Stealth activism: norm formation by Japanese courts.

AuthorUpham, Frank K.
PositionSymposium: Decision Making on the Japanese Supreme Court

As we consider the political and social roles of the Japanese Supreme Court and specifically whether it has a conservative influence, we need not only to define "conservative" but also to think of what roles a court may play in a democratic society. One role that has received a lot of attention in this symposium is constitutional judicial review. Both Professors Haley (1) and Law (2) agree that the Japanese judiciary has exercised a conservative influence in this respect, and Law would probably agree with Haley's summary statement that Japanese courts "do not seek to be the catalysts of social change." (3)

I disagree with the sweeping nature of such characterizations and believe that there are substantial and important exceptions. I have no knowledge of the personal motivations of Japanese judges, so I cannot assert that they seek to change Japanese society, but I do argue that they have done precisely that and, furthermore, that they have done so in a manner that goes beyond what American courts have been willing or able to do. I disagree with Law's argument that Japanese judges are trapped in a bureaucratic cage, I disagree with the assertion that they are the political lackeys of the Liberal Democratic Party as Ramseyer and Rasmusen argue, (4) and I disagree with Haley's argument that they are cautious reflectors of social consensus. Instead, I contend that Japanese judges have played a much more activist role in Japanese society than the American federal judiciary has done in American society, despite the fact that the American judiciary is frequently touted as a paradigmatic example of judicial activism. (5) Perhaps most surprising, given the apparent consensus at this conference, they have done so in a "liberal" direction that has contradicted the apparent desires of the Liberal Democratic Party and the prevailing consensus of Japanese society. No one has noticed, however, for two reasons. First, they have not done so in judicial review, where American observers of judicial activism are trained to look, but in the interpretation of the general clauses of the Civil Code, an area of law that is less clearly in the political spotlight. Second, Japanese courts have not used their injunctive powers to intervene in the operation of governmental bureaucracies and civil society institutions as American courts have in instances such as the affirmative action cases discussed briefly below.

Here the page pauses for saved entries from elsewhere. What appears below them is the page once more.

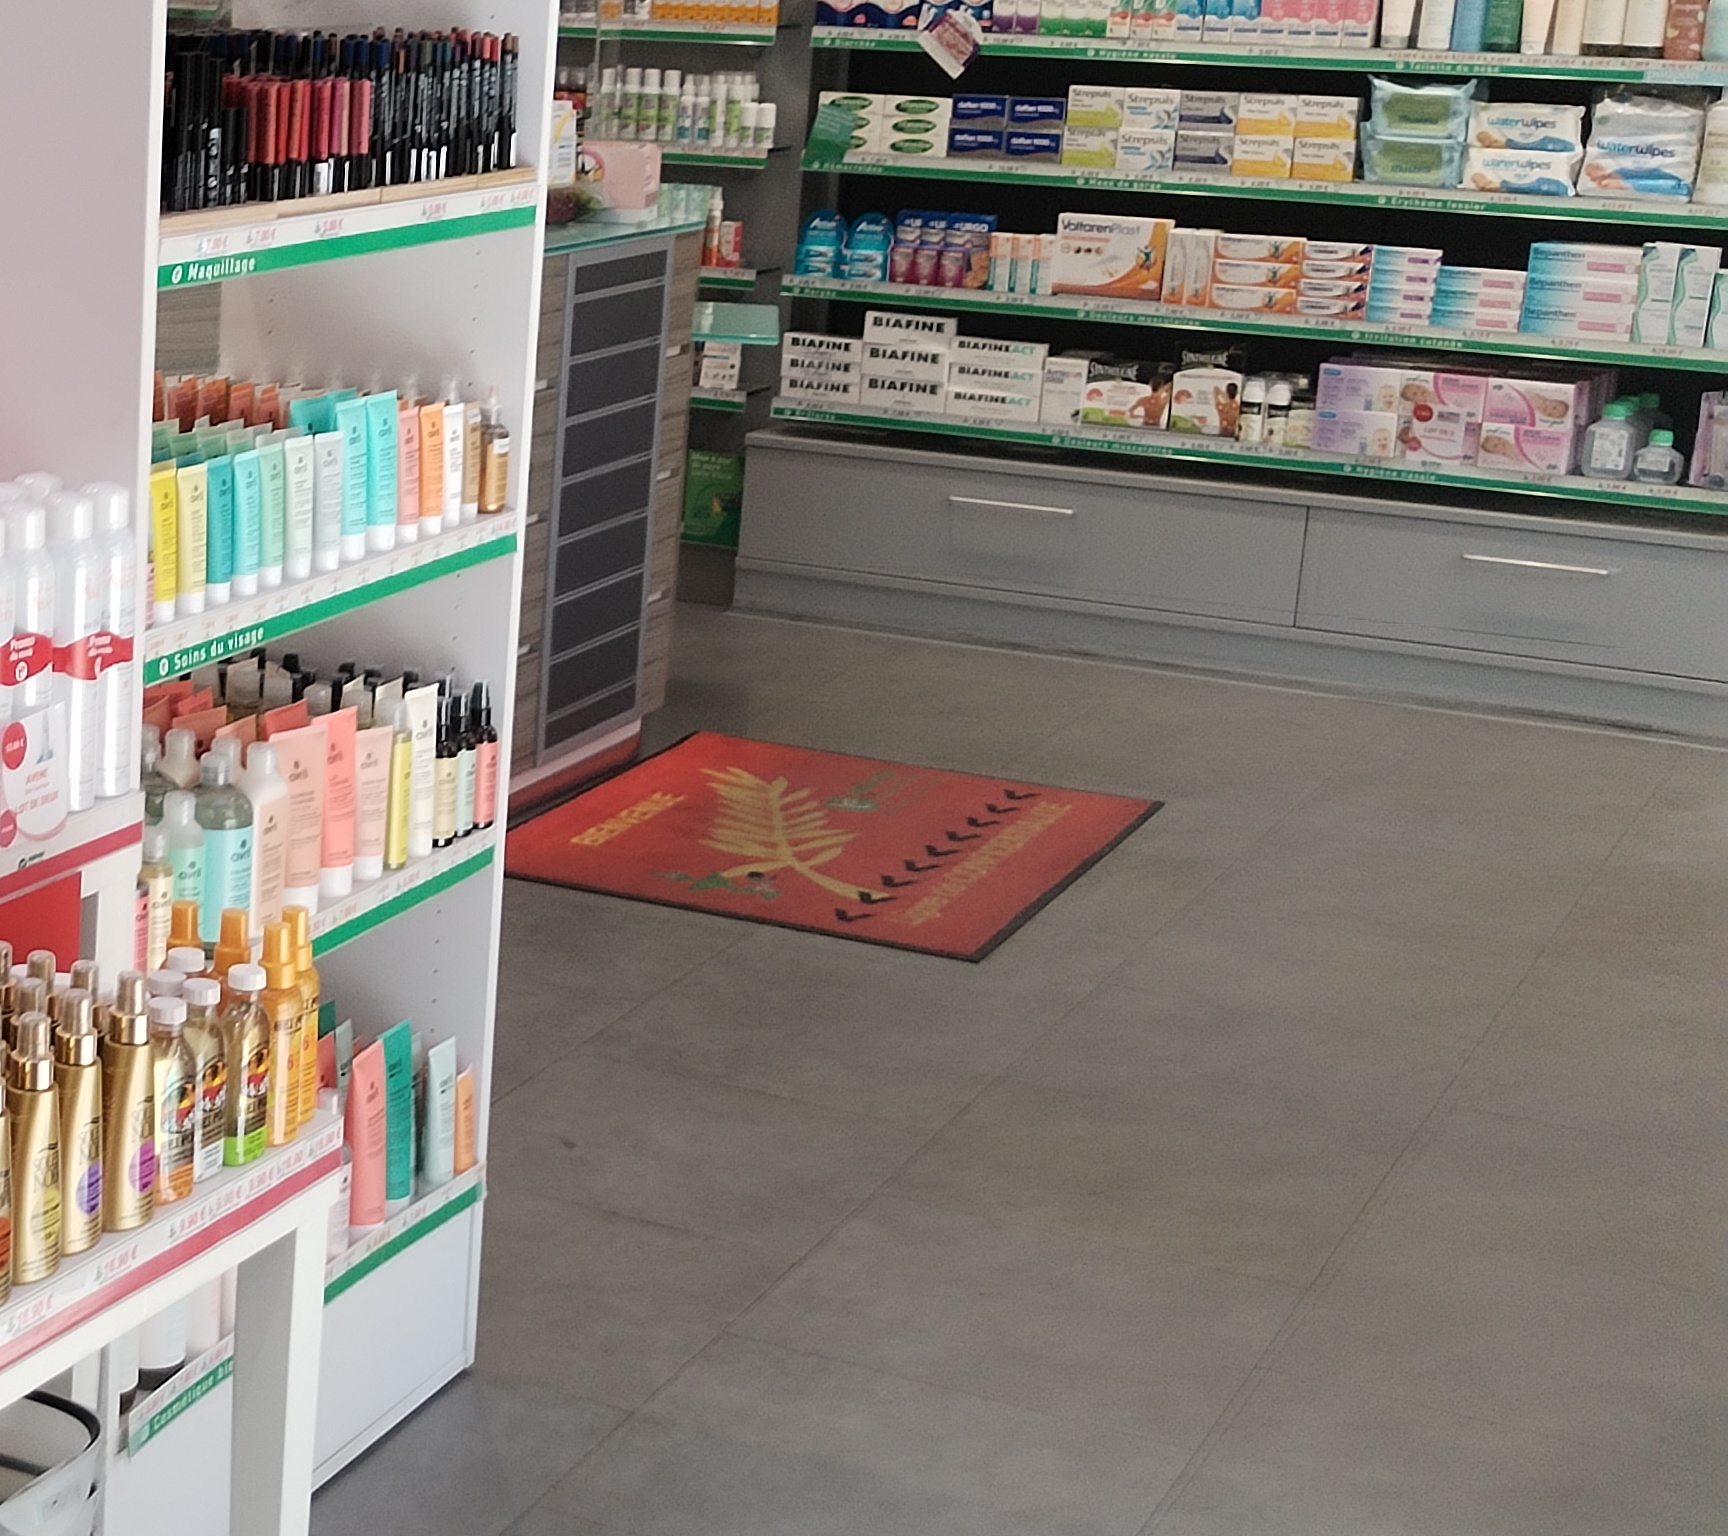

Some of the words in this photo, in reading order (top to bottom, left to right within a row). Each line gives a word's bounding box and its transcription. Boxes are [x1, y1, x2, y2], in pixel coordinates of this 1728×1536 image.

[1487, 116, 1556, 131] waterwipes
[1597, 140, 1675, 159] waterwipes
[1483, 157, 1551, 171] waterwipes
[188, 255, 256, 283] Maquillage
[872, 317, 945, 334] BIAFINE
[791, 337, 851, 352] BIAFINE
[870, 347, 939, 365] BIAFINE
[790, 358, 851, 373] BIAFINE
[788, 378, 850, 394] BIAFINE
[868, 378, 938, 395] BIAFINE
[174, 645, 206, 670] Soins
[210, 640, 224, 660] du
[228, 627, 264, 653] visage
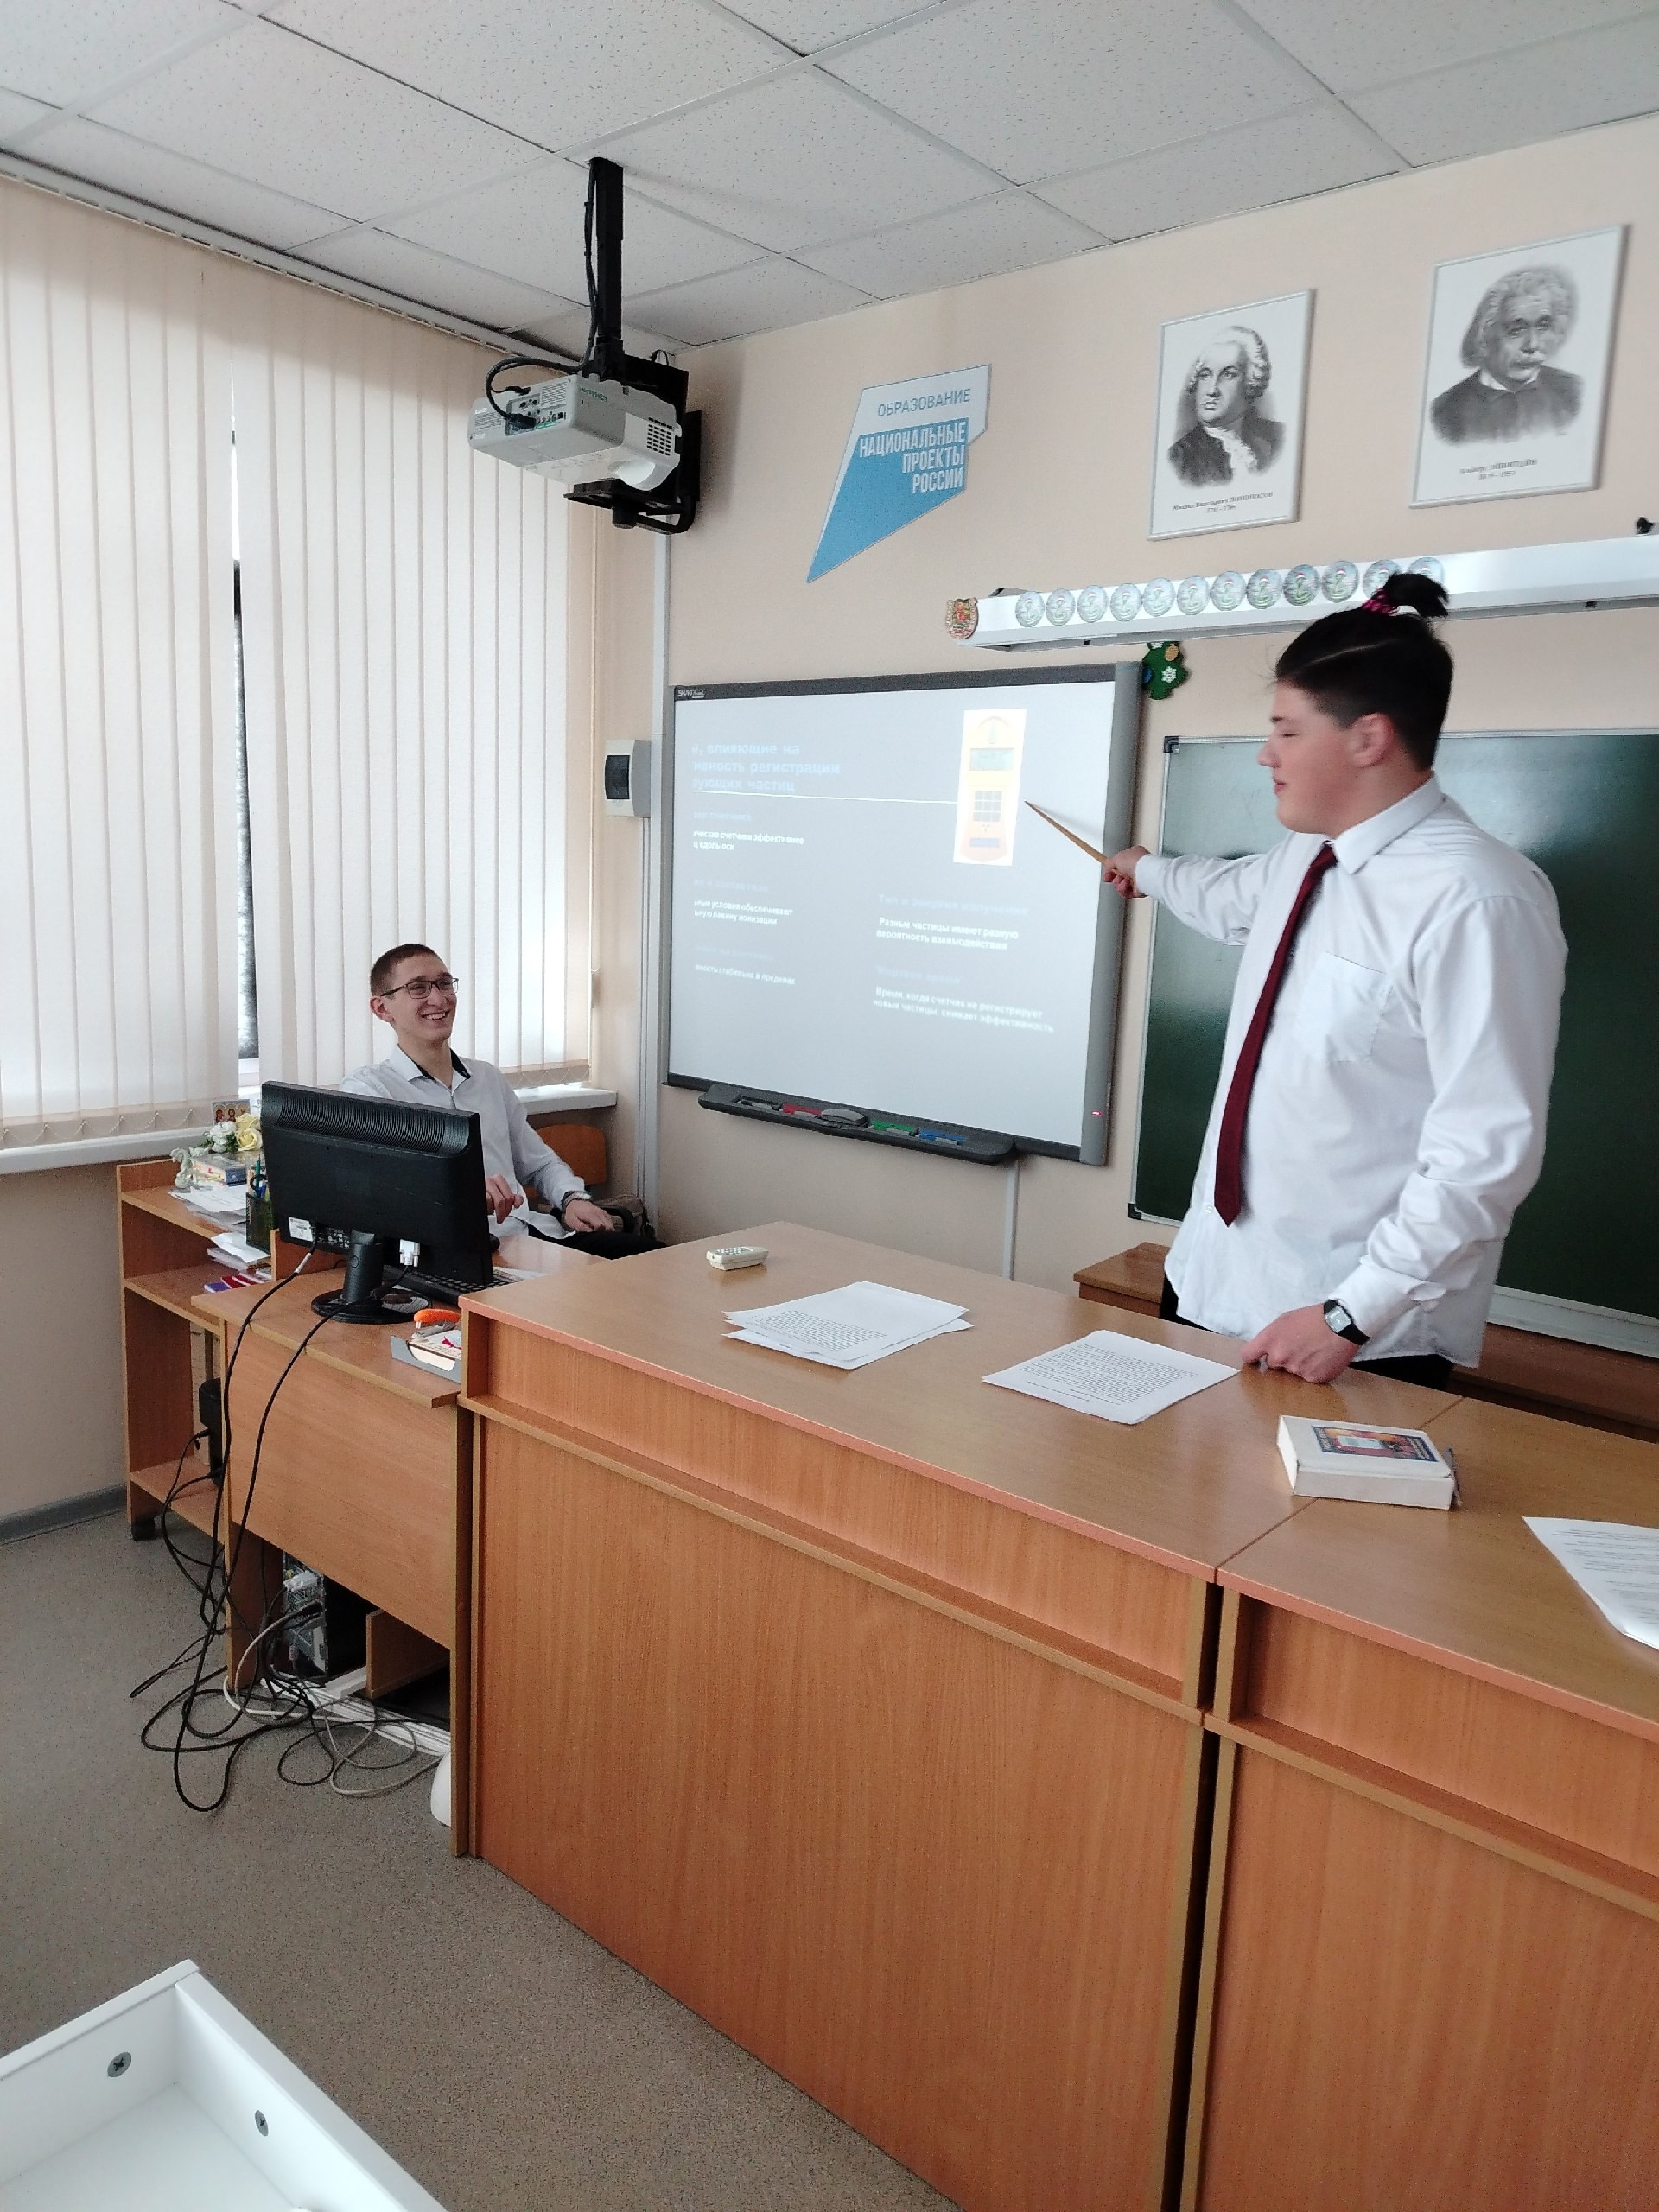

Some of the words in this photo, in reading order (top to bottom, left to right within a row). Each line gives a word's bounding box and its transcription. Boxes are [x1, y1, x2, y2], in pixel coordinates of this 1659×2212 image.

To make this argument, I look at judicial decisions in the areas of employment, divorce, and protection against discrimination. (6) My argument is that Japanese courts are willing to deviate from established doctrine, including statutory provisions, to create social norms that they consider desirable and that they do so under circumstances where American courts would refrain because of considerations of the appropriate judicial role.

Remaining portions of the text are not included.